Rossi otwarcie mówi widzom o tym, co robi. Karta na początku serialu Pamiętnik Andy’ego Warhola stwierdza: „Głos Andy’ego w serialu został odtworzony przy użyciu programu AI za zgodą Fundacji Andy’ego Warhola”. Co więcej, wszystko to wydaje się całkowicie zgodne z zainteresowaniami Warhola.
„Cała artystyczna praktyka Andy’ego opierała się na mechanice, ponieważ powiedział, iż chce być maszyną, ponieważ mają mniej uczuć” — zauważa Rossi. „Przekształcił się w robota [w 1982 roku], również w hologram. Kazał komuś się pod niego podszyć i pojechać w jego imieniu na wycieczkę po college’u w latach 60. Czułem więc, iż robiąc film dokumentalny o artyście, który tak wiele zrobił dla wynalezienia nowych form wizualnej ekspresji, wielkim celem byłoby uczynienie tego dzieła zarówno dziełem sztuki, jak i dziełem dokumentalnym oraz opowiadaniem historycznym. Głos sztucznej inteligencji zbliża nas emocjonalnie do Andy’ego”.

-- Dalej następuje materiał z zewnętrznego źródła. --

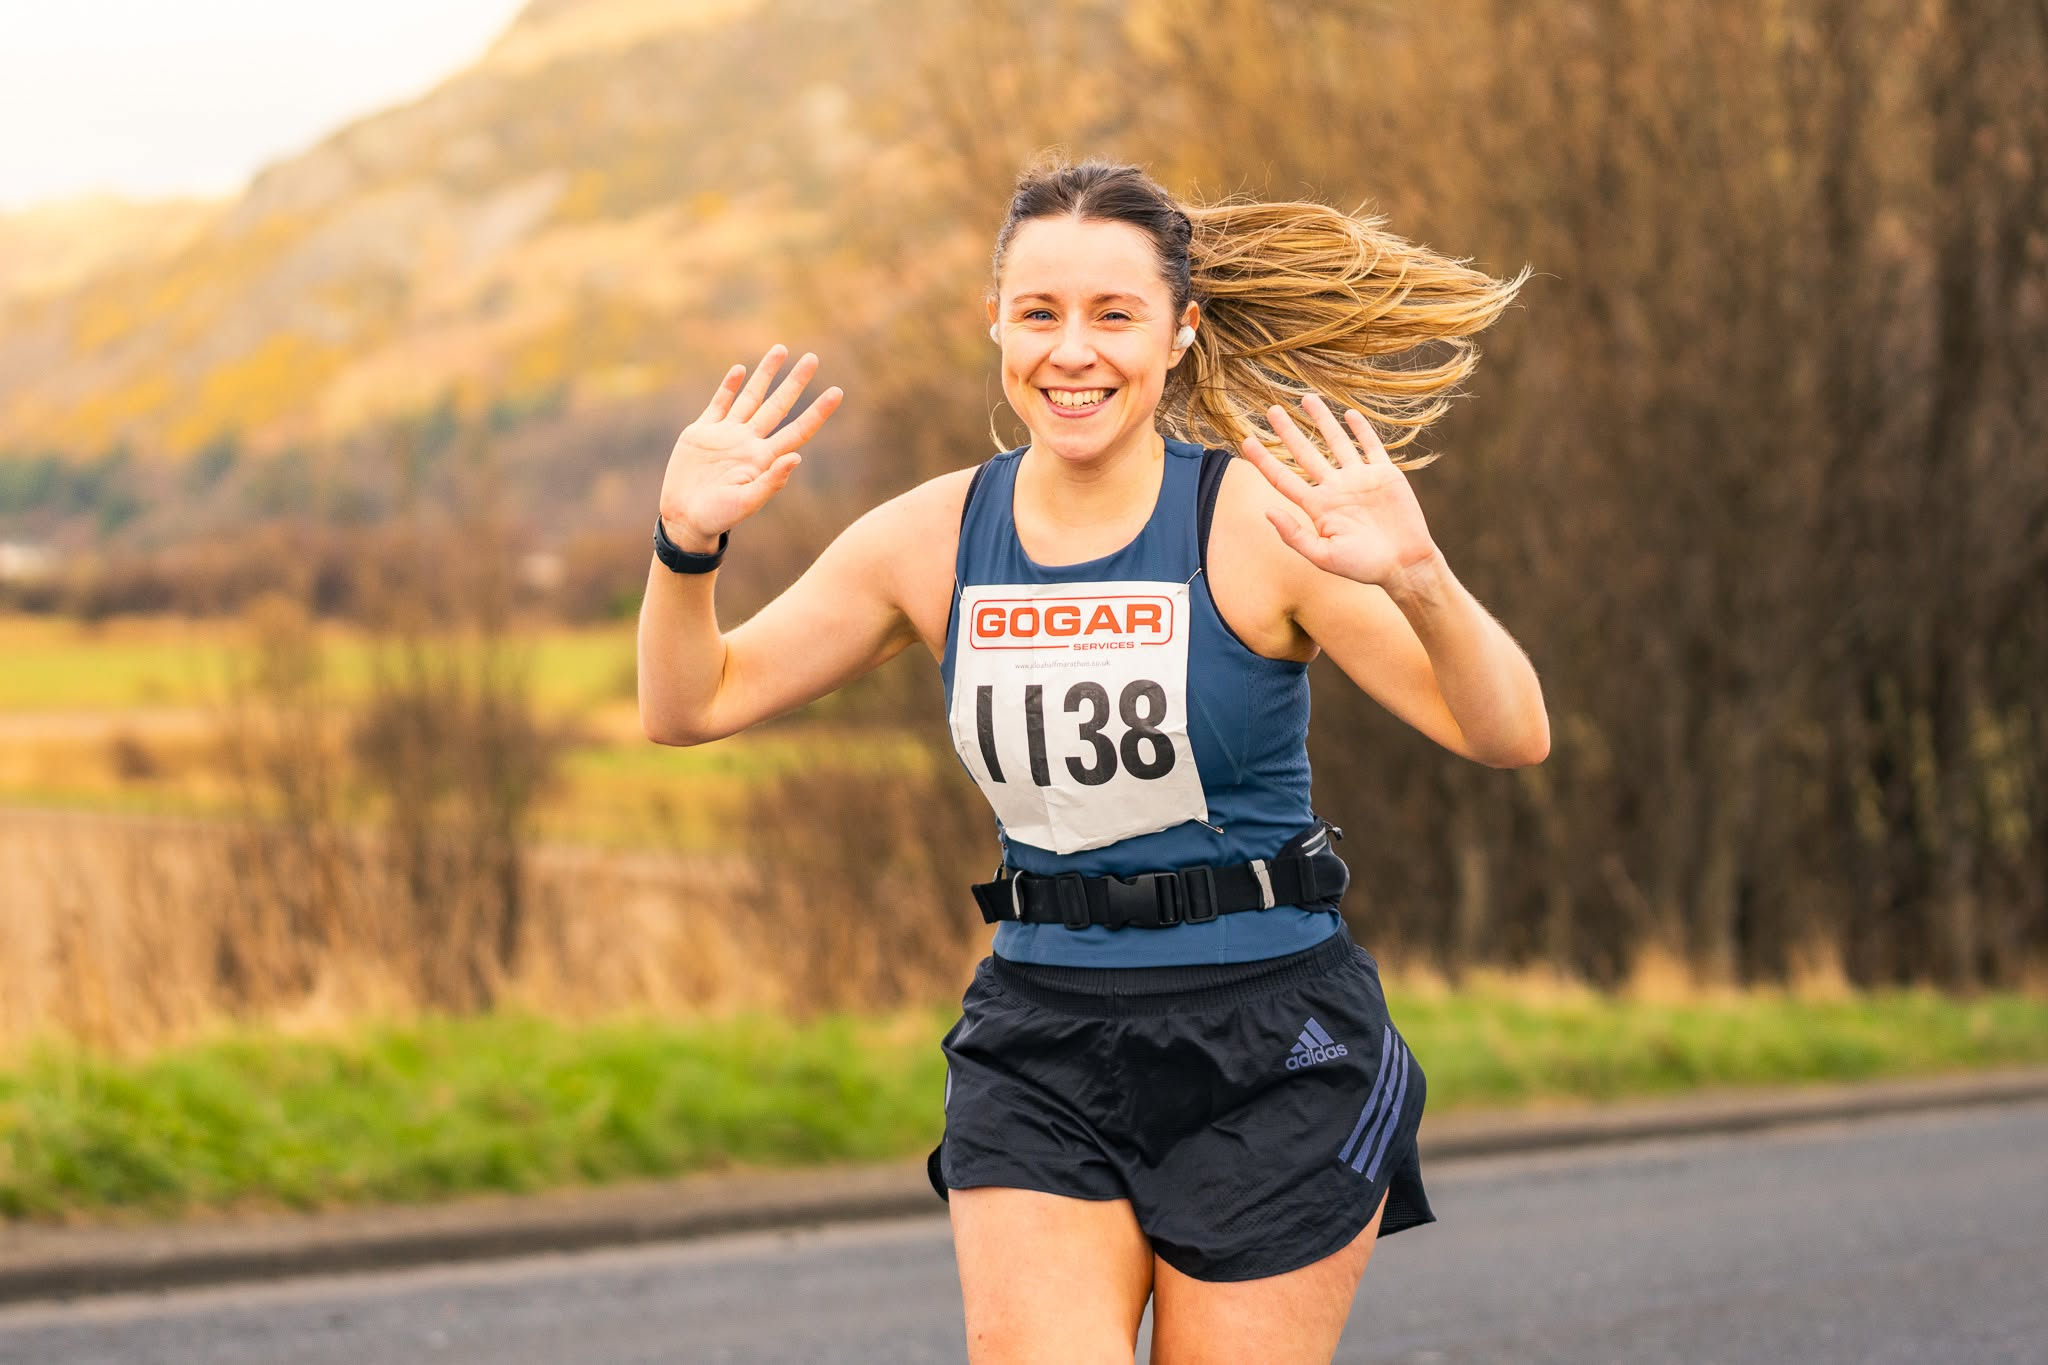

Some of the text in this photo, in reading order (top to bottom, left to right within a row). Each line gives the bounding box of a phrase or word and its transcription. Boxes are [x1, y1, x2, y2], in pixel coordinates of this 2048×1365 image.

[976, 603, 1163, 638] GOGAR
[1072, 640, 1136, 652] SERVICES
[976, 679, 1176, 787] 1138
[1285, 1043, 1349, 1071] adidas

W maju jeden z sitodruków Warhola z Marilyn Monroe, „Shot Sage Blue Marilyn”, został sprzedany na aukcji za 195 milionów dolarów, podobno najwyższą cenę, jaką kiedykolwiek zapłacono za amerykańskie dzieło sztuki. To dostarcza więcej dowodów, jeżeli jakieś byłyby potrzebne, na to, jak istotny w kulturze i sztuce pozostaje twórczosć Warhol. The Marilyns, Jackie Kennedys i Elvises to jego najbardziej znane dzieła wśród ogółu społeczeństwa, ale Rossi uważa, iż tożsamość Warhola jako zarówno geja, jak i twórcy specyficznie homoerotycznych dzieł, musi zostać doceniona.

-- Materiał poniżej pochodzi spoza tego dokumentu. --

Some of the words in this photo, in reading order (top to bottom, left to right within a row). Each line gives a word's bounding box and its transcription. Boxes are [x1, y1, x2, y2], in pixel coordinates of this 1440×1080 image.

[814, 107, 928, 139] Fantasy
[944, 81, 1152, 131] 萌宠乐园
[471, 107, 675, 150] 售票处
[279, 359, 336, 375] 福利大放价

„Późniejsza praca nie jest częścią kanonu” — podkreśla Rossi. „Z tyłu galerii często znajdują się polaroidy i odbitki przedstawiające Sex Parts. A [kurator] Jessica Beck mówi o tym, iż historia sztuki boli, jeżeli nie liczy się z jego prawdziwą tożsamością”.
Rossi uważa za znaczące, iż seriale dokumentalne zostały przyjęte przez wyborców Emmy, biorąc pod uwagę obecny klimat polityczny w USA.
„To ma znaczenie, zwłaszcza w czasach, gdy podejmuje się tak wiele wysiłków, szczególnie w stanowych organach ustawodawczych, aby wycofać się z praw LGBTQ” — mówi, dodając, iż wyróżnienie Emmy „potwierdza również relacje, jakie Andy miał z Jedem Johnsonem i Jonem Gouldem, którzy na wiele sposobów zostali wymazani z rejestru, z oficjalnej historii… Wydaje się, iż to prawie oficjalny znak, iż tak — te historie są ważne”.